O Brasil
deverá ficar bem próximo dos Estados Unidos na exportação de milho na temporada
2012/13, ameaçando pelo menos momentaneamente a histórica liderança
norte-americana nos embarques do cereal, à medida que a produção brasileira
ganha força, segundo dados divulgados na sexta-feira (8) pelo Departamento de
Agricultura dos EUA (USDA).
Afetados pela pior seca em mais de meio século em 2012, os Estados Unidos
tiveram uma forte redução na produção do cereal, que está agora impactando nos
números de vendas externas norte-americanas. O Brasil, ao contrário, colheu e
exportou volumes recordes no ano passado.

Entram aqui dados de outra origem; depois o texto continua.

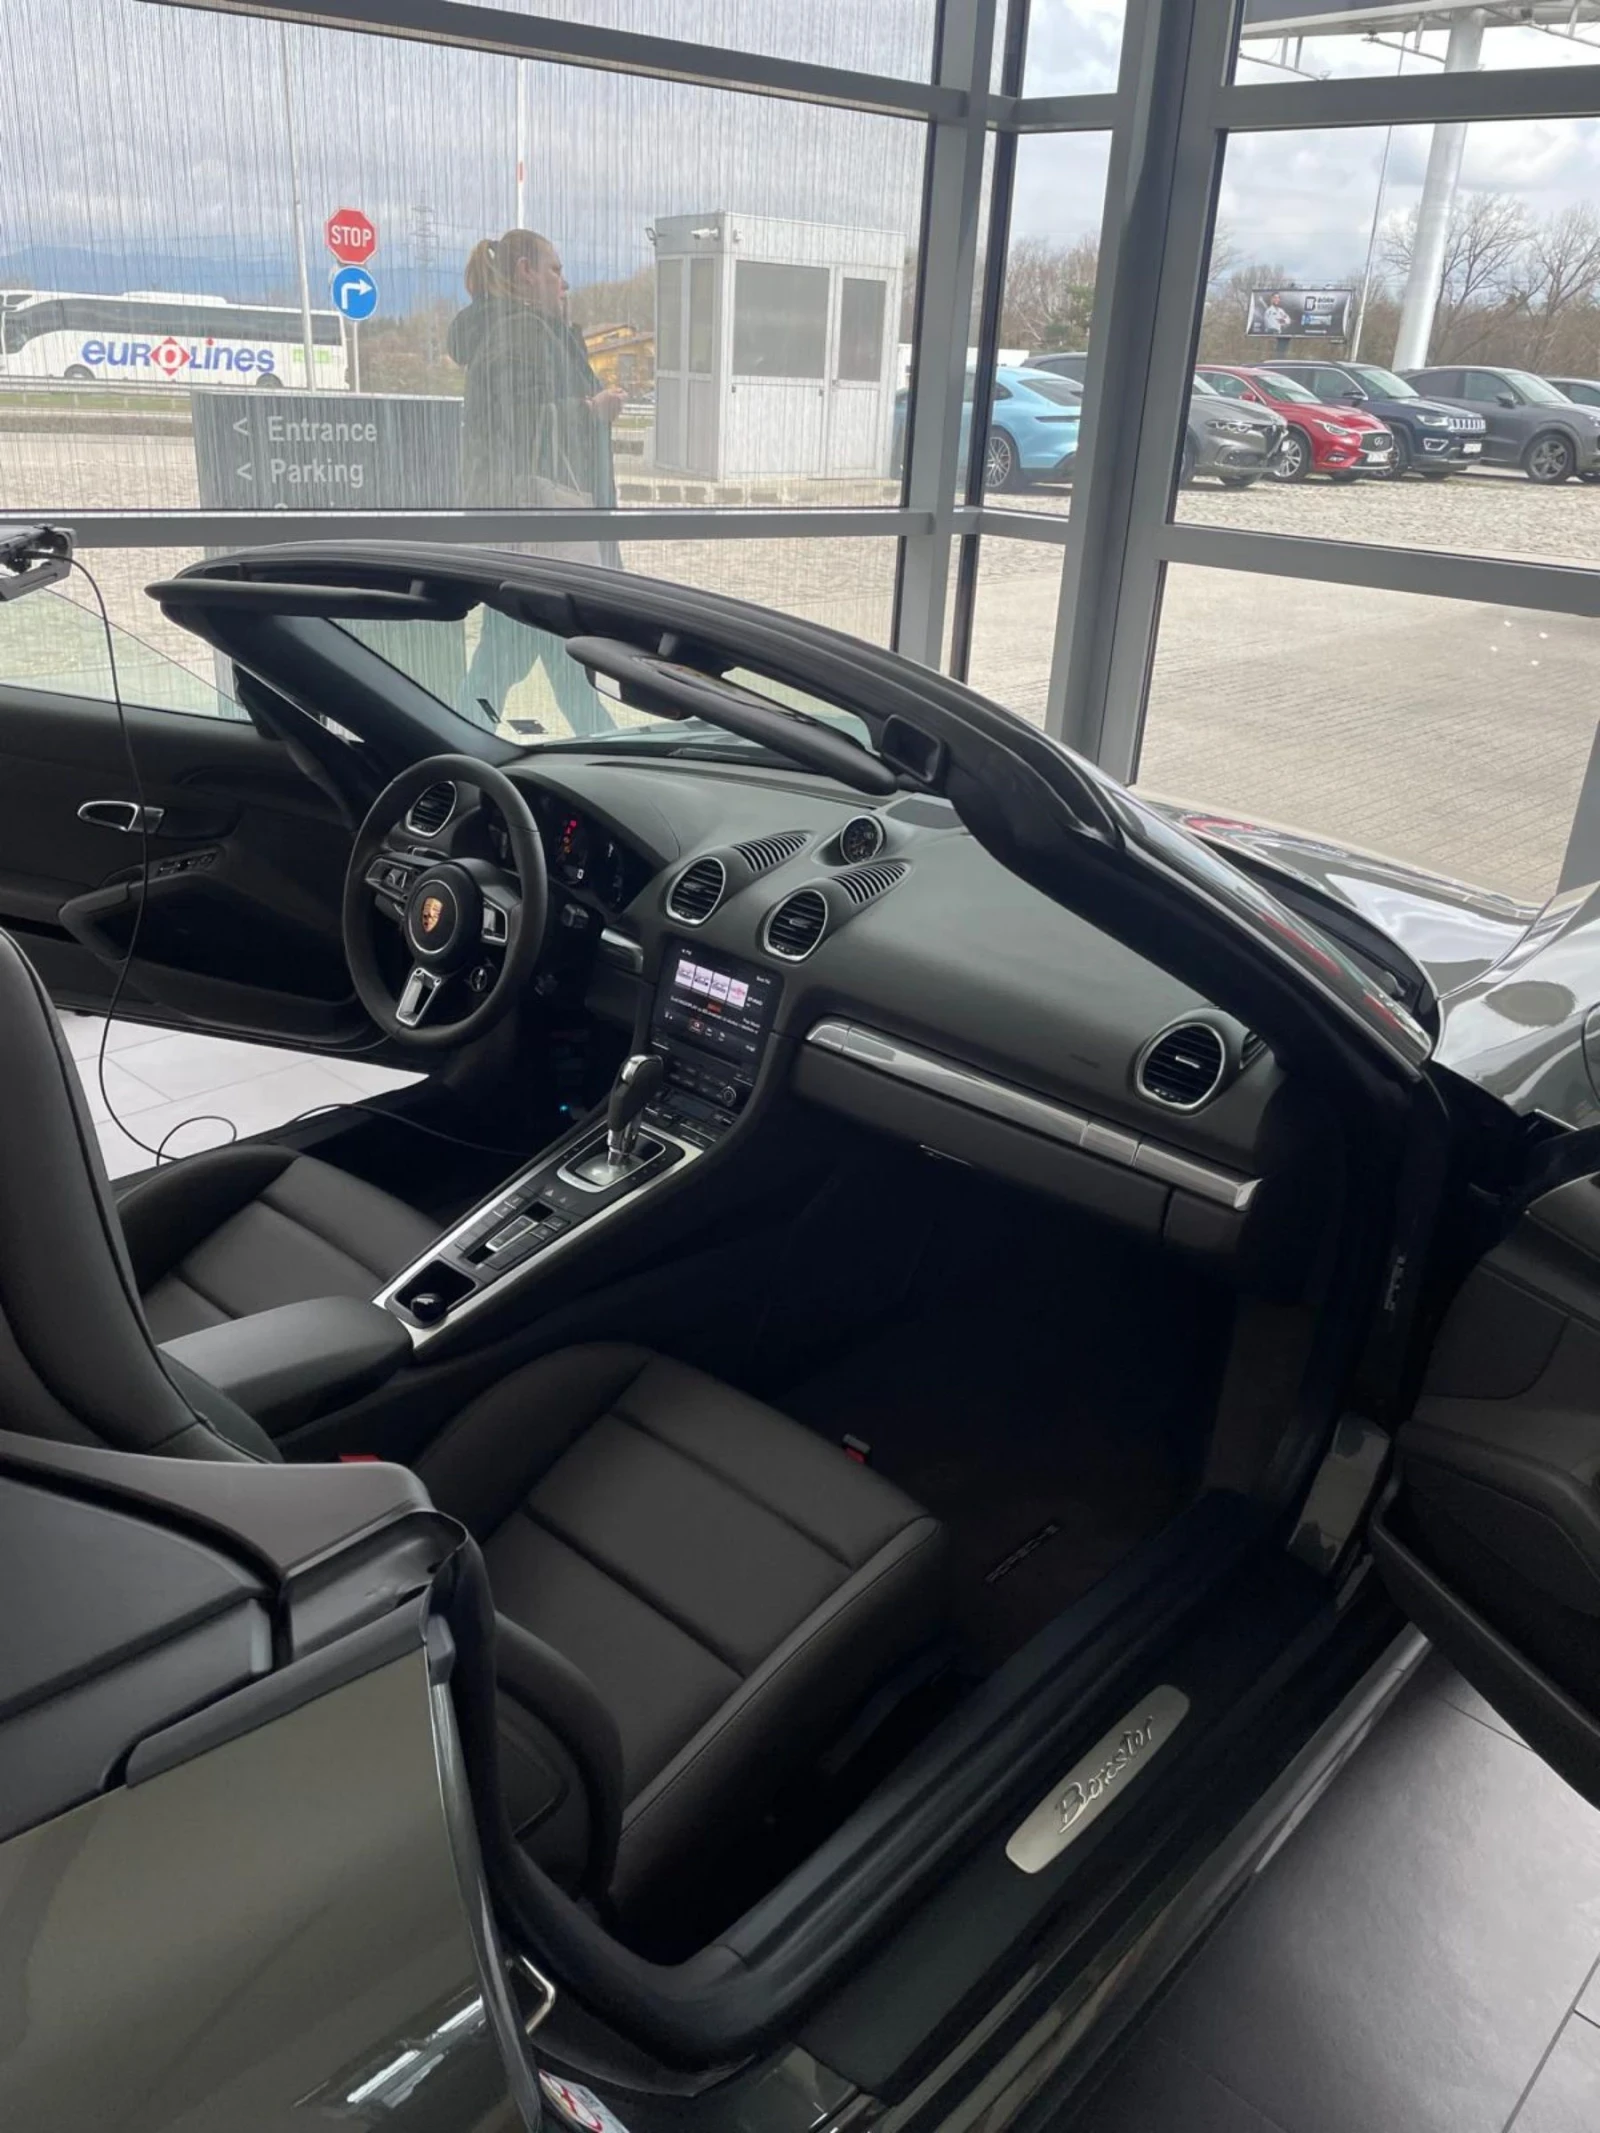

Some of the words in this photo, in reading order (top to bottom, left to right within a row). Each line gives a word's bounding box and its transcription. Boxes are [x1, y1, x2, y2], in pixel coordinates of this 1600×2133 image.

[331, 224, 372, 248] STOP
[267, 415, 377, 441] Entrance
[270, 458, 364, 488] Parking

“As exportações (dos EUA) foram reduzidas… por conta das lentas
vendas… e da competição mais forte do que o esperado com o milho da América
do Sul…”, disse o USDA em relatório.
O órgão dos EUA, os maiores produtores e exportadores globais do cereal,
reduziu a previsão de exportação norte-americana de 22,86 milhões para 20,96
milhões de toneladas no ano comercial 12/13, enquanto a previsão de embarques
de milho do Brasil foi mantida na sexta-feira (08) em 19 milhões de toneladas
no mesmo período.
Na temporada 11/12, quando os EUA tiveram uma safra melhor –de 313,95 milhões
de toneladas, ante 273,8 milhões em 12/13–, os norte-americanos exportaram 39,18
milhões de toneladas, ou quase o dobro do que devem embarcar no atual ano
comercial que se encerra em 31 de agosto.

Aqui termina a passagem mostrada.